Throughout history, technology innovations like the printing press, electricity, flight, manned space travel, and the rise of the internet have been the catalyst for great societal change and even geopolitical changes. These changes can be profound and result from the natural flow of events. Some are good, and some are bad; and while some are intentional, many are unintentional.
We’ve seen a transformation underway within the legal industry for some time now, and the pandemic is continuing to accelerate these changes. From what we have observed in recent months, many of the technologies that were reshaping the practice of law have now become necessary, and resistance to digital workflows is no longer a viable option for many legal professionals. In the midst of this transformation, we can draw some observations about how the industry can cope with what’s next.

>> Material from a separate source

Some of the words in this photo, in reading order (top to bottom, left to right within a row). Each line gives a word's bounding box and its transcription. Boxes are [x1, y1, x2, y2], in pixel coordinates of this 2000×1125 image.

The adoption of digital solutions and workflows will continue to accelerate. The abrupt shift to remote work brought to light how prepared (or not prepared) organizations were for such a change, and those who did not have an infrastructure to accommodate remote work had to build one as quickly as possible. Tools like natural language searching, e-discovery, predictive analytics, artificial intelligence, and robotics were already being applied to the practice of law, and we are likely to see higher adoption rates for these technologies for specific use cases such as research, billing, and contract management. As a result of the pandemic, I believe that resistance to change — which was named as one of the top barriers to change by both corporate legal departments and law firms in the 2020 Wolters Kluwer Future Ready Lawyer Survey — will be less of an obstacle for organizations moving forward.

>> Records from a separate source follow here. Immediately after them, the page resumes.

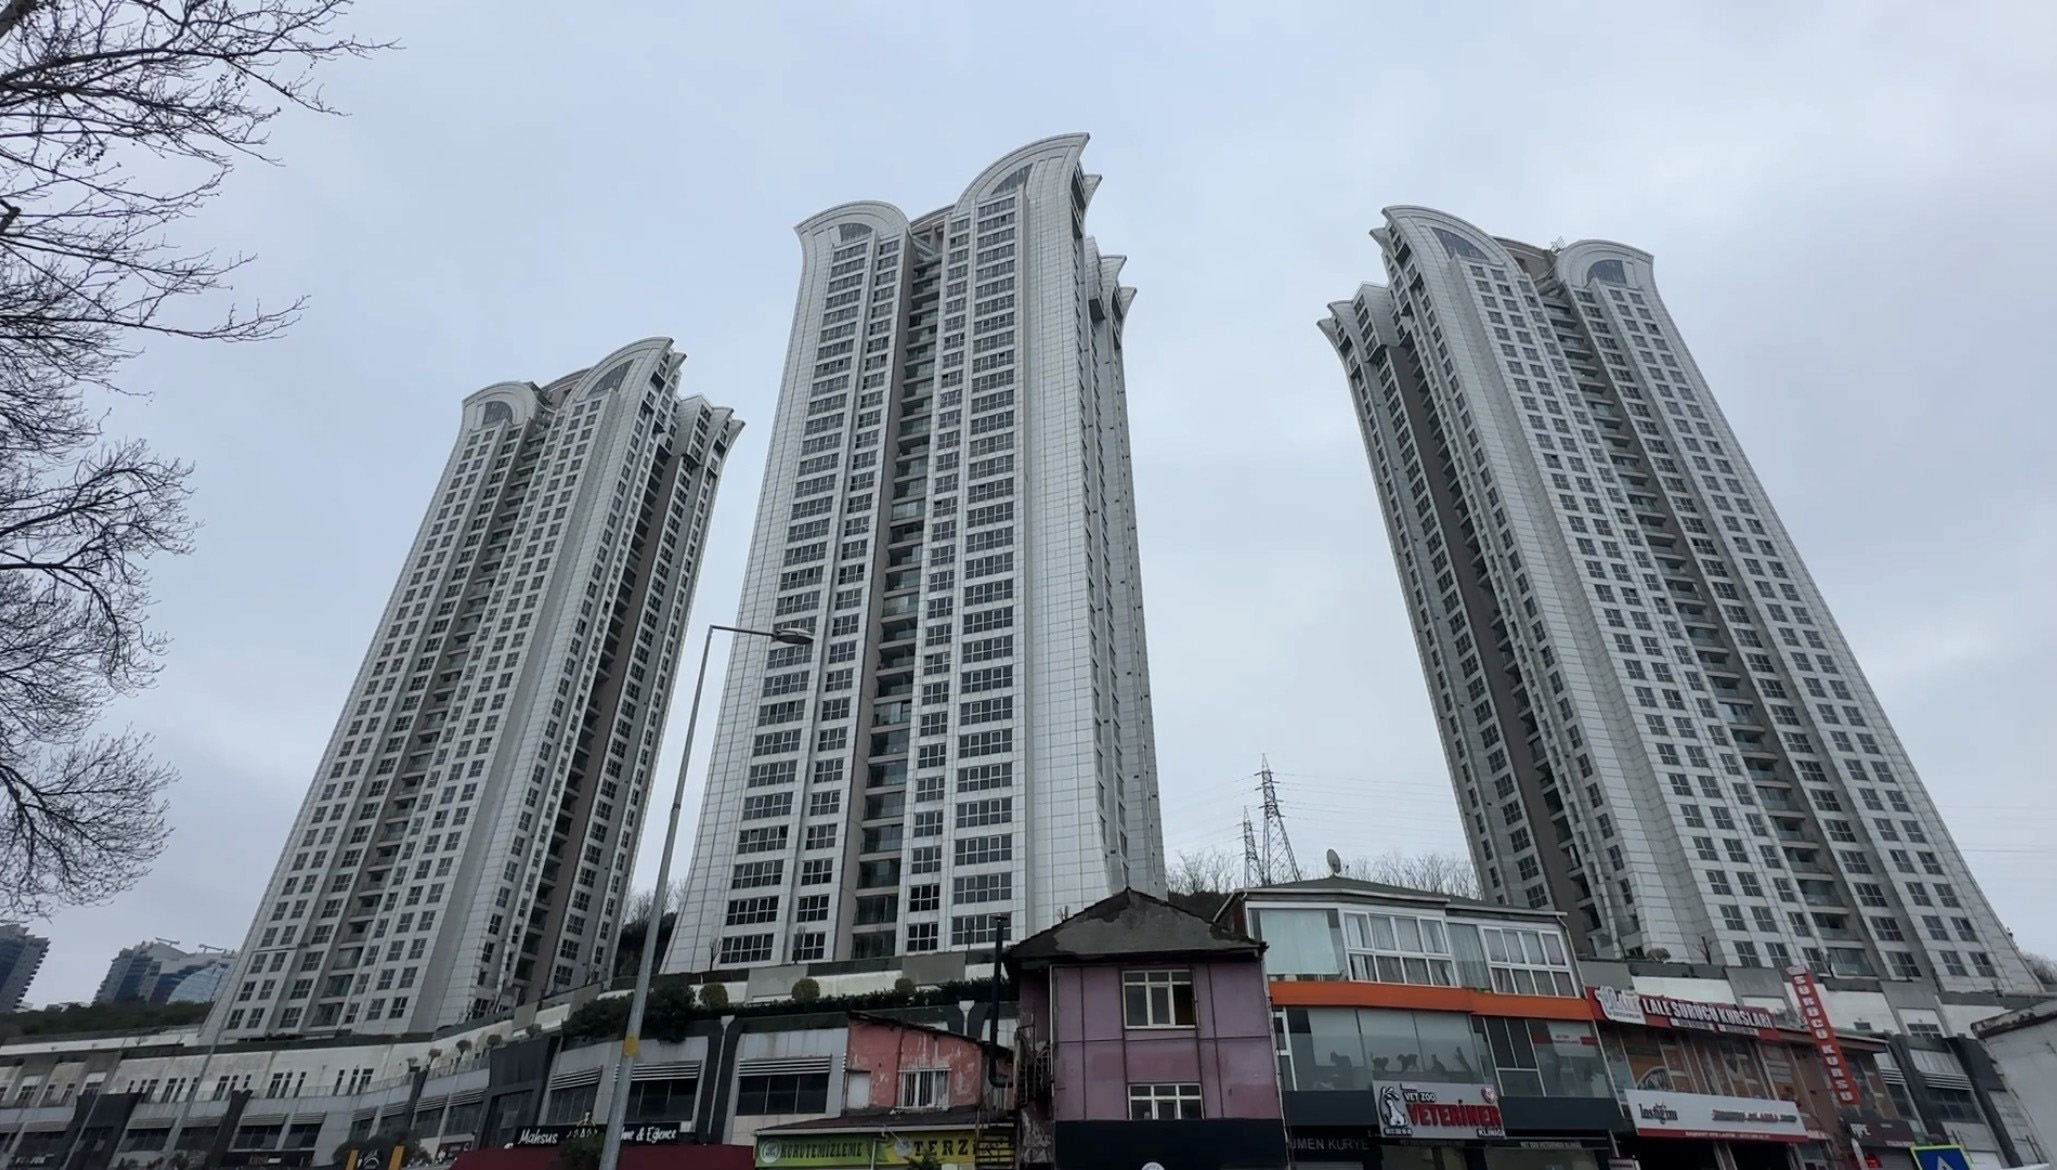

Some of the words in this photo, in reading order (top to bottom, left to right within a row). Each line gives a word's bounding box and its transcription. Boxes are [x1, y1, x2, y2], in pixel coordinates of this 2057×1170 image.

[1642, 998, 1671, 1016] LALE
[1821, 1044, 1854, 1102] KURSU
[1403, 1092, 1418, 1102] VET
[1420, 1093, 1436, 1102] ZOO
[518, 1127, 559, 1145] Mahsus
[636, 1127, 645, 1141] &
[1328, 1138, 1370, 1150] KURYE

Certain solutions will mature more quickly as a result of the accelerated transformation. As solutions get adopted, they move through phases of maturity as they are applied for specific-use cases and gradually become better, more effective, and more sophisticated. Prior to the pandemic, litigants in the State of New York could not e-file documents, but that has changed since the state shut down in March. That is just one example of how much change and adaptation has been implemented in a very short amount of time. We are likely to see not only a faster rate of adoption, but a faster rate of maturity for solutions that are becoming more widely used.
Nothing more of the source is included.